High–temporal resolution profiling reveals distinct immune trajectories following the first and second doses of COVID-19 mRNA vaccines
Darawan Rinchai, Sara Deola, Gabriele Zoppoli, Basirudeen Syed Ahamed Kabeer, Sara Taleb, Igor Pavlovski, Selma Maacha, Giusy Gentilcore, Mohammed Toufiq, Lisa Sara Mathew, Li Liu, Fazulur Rehaman Vempalli, Ghada Mubarak, Stephan Lorenz, Irene Sivieri, Gabriella Cirmena, Chiara Dentone, Paola Cuccarolo, Daniele Roberto Giacobbe, Federico Baldi, Alberto Garbarino, Benedetta Cigolini, Paolo Cremonesi, Michele Bedognetti, Alberto Ballestrero, Matteo Bassetti, Boris P. Hejblum, Tracy Augustine, Nicholas van Panhuys, Rodolphe Thiébaut, Ricardo Garcia Branco, Tracey Chew, Maryam Shojaei, Kirsty R. Short, Carl G. Feng, Susu M. Zughaier, Andrea De Maria, Benjamin Tang, Ali Ait Hssain, Davide Bedognetti, Jean‐Charles Grivel, Damien Chaussabel
Abstract
Knowledge of the mechanisms underpinning the development of protective immunity conferred by mRNA vaccines is fragmentary.
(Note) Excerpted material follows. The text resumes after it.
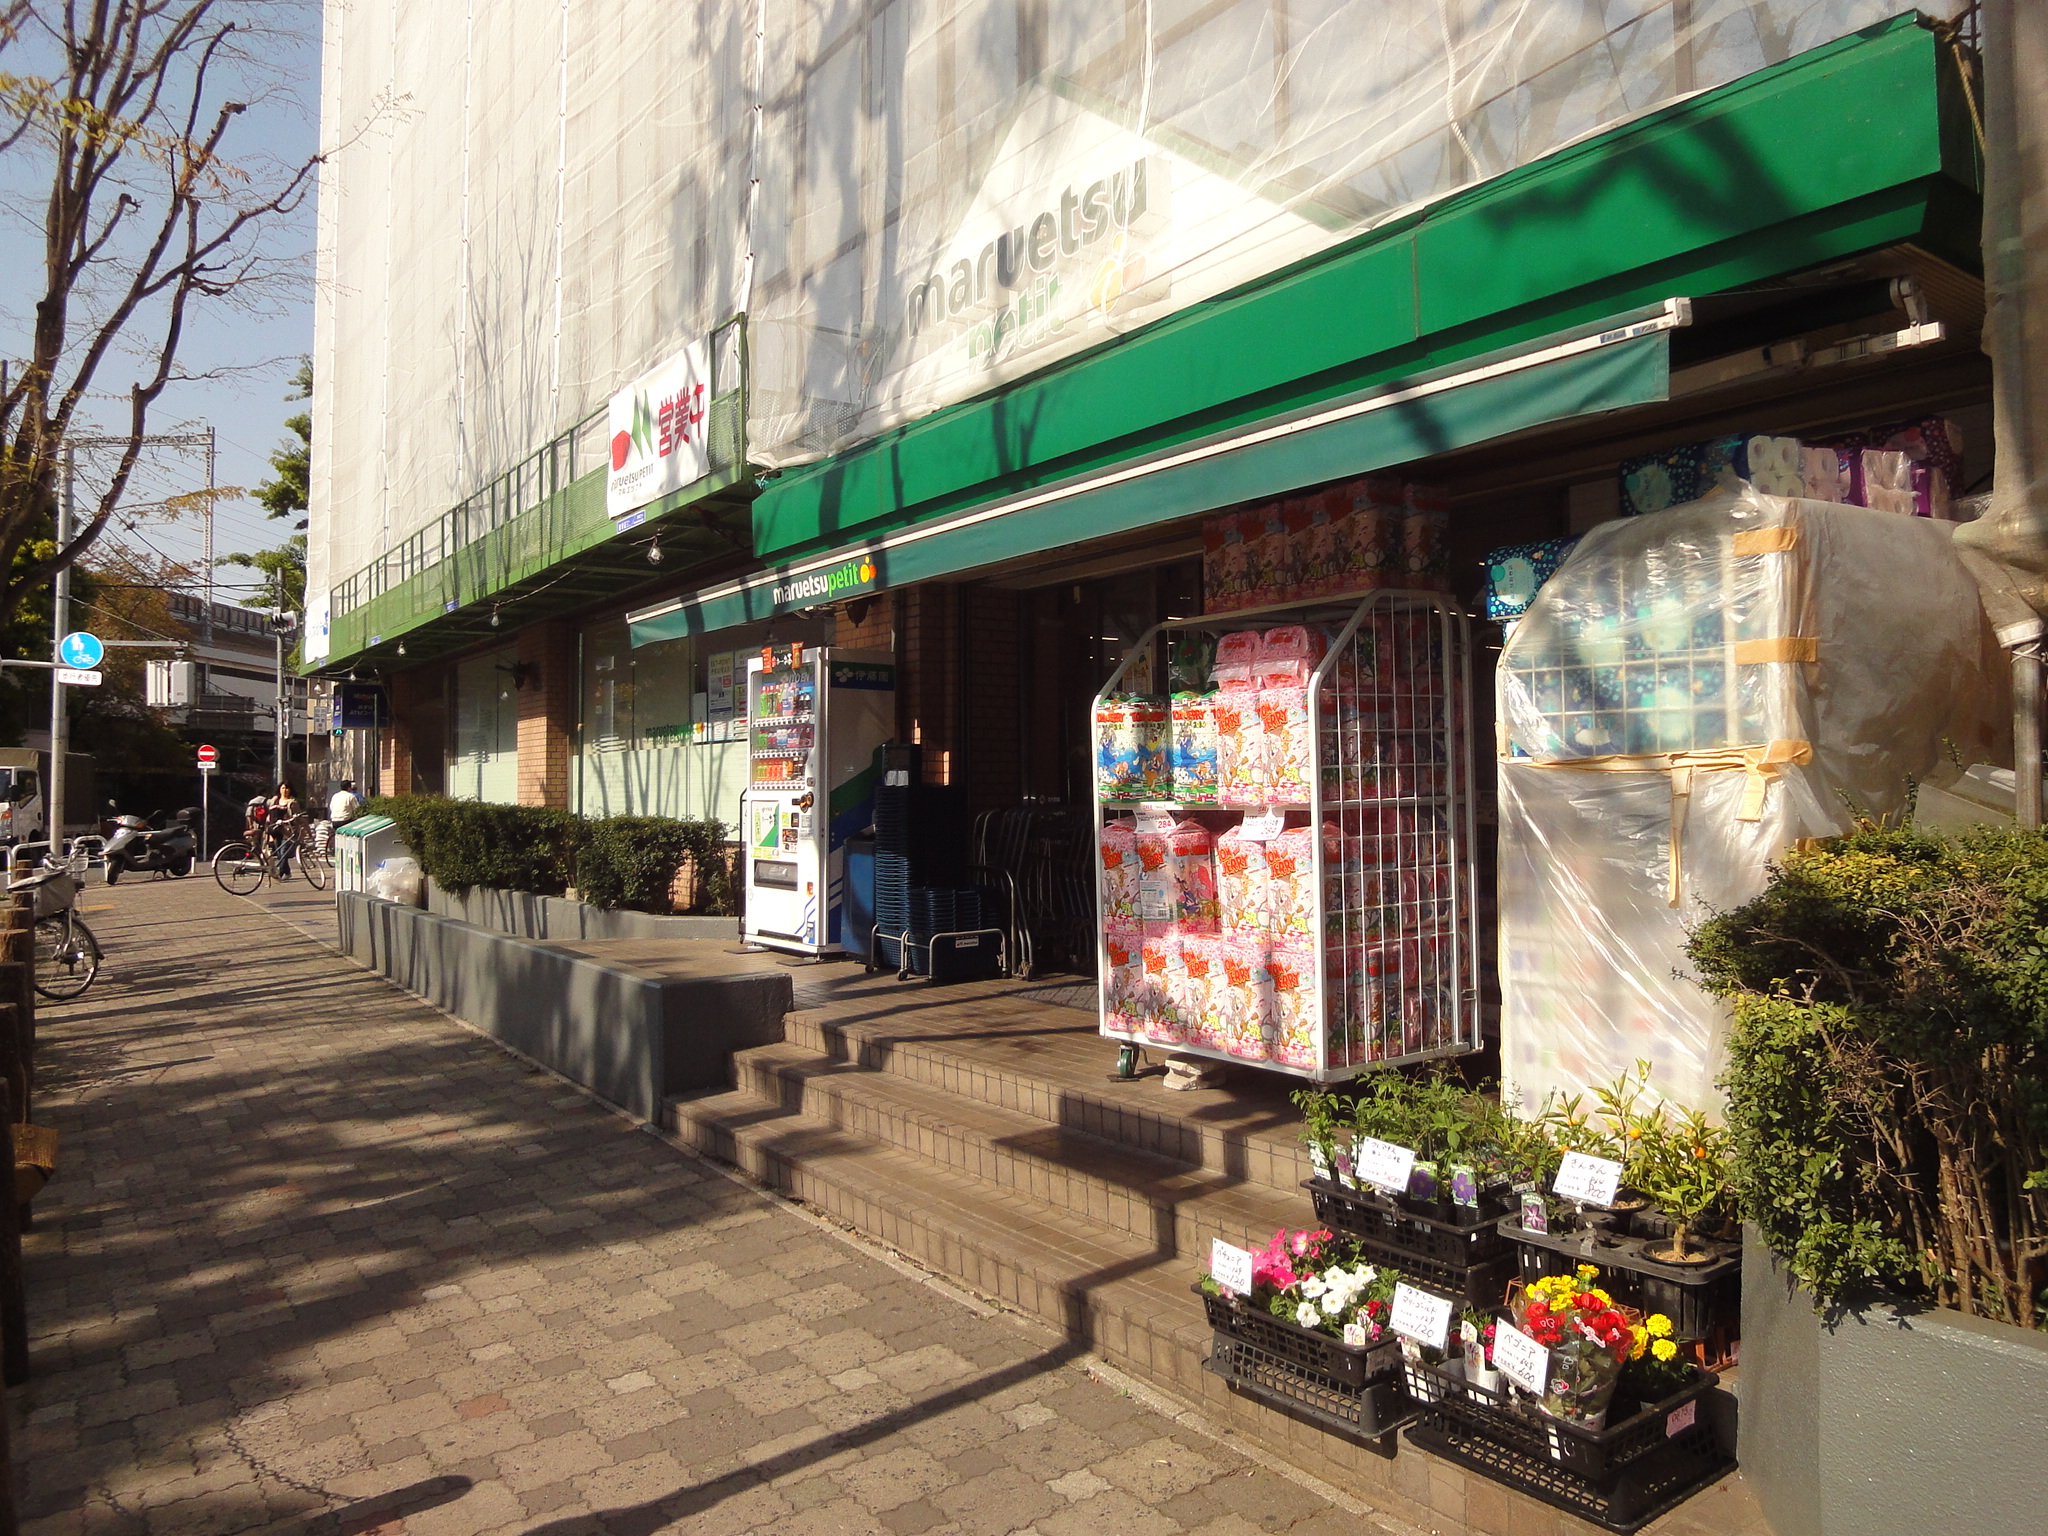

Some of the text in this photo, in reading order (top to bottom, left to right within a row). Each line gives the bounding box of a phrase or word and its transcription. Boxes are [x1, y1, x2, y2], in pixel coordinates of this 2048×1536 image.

Here, we investigated responses to coronavirus disease 2019 (COVID-19) mRNA vaccination via high-temporal resolution blood transcriptome profiling. The first vaccine dose elicited modest interferon and adaptive immune responses, which peaked on days 2 and 5, respectively. The second vaccine dose, in contrast, elicited sharp day 1 interferon, inflammation, and erythroid cell responses, followed by a day 5 plasmablast response. Both post-first and post-second dose interferon signatures were associated with the subsequent development of antibody responses. Yet, we observed distinct interferon response patterns after each of the doses that may reflect quantitative or qualitative differences in interferon induction. Distinct interferon response phenotypes were also observed in patients with COVID-19 and were associated with severity and differences in duration of intensive care. Together, this study also highlights the benefits of adopting high-frequency sampling protocols in profiling vaccine-elicited immune responses.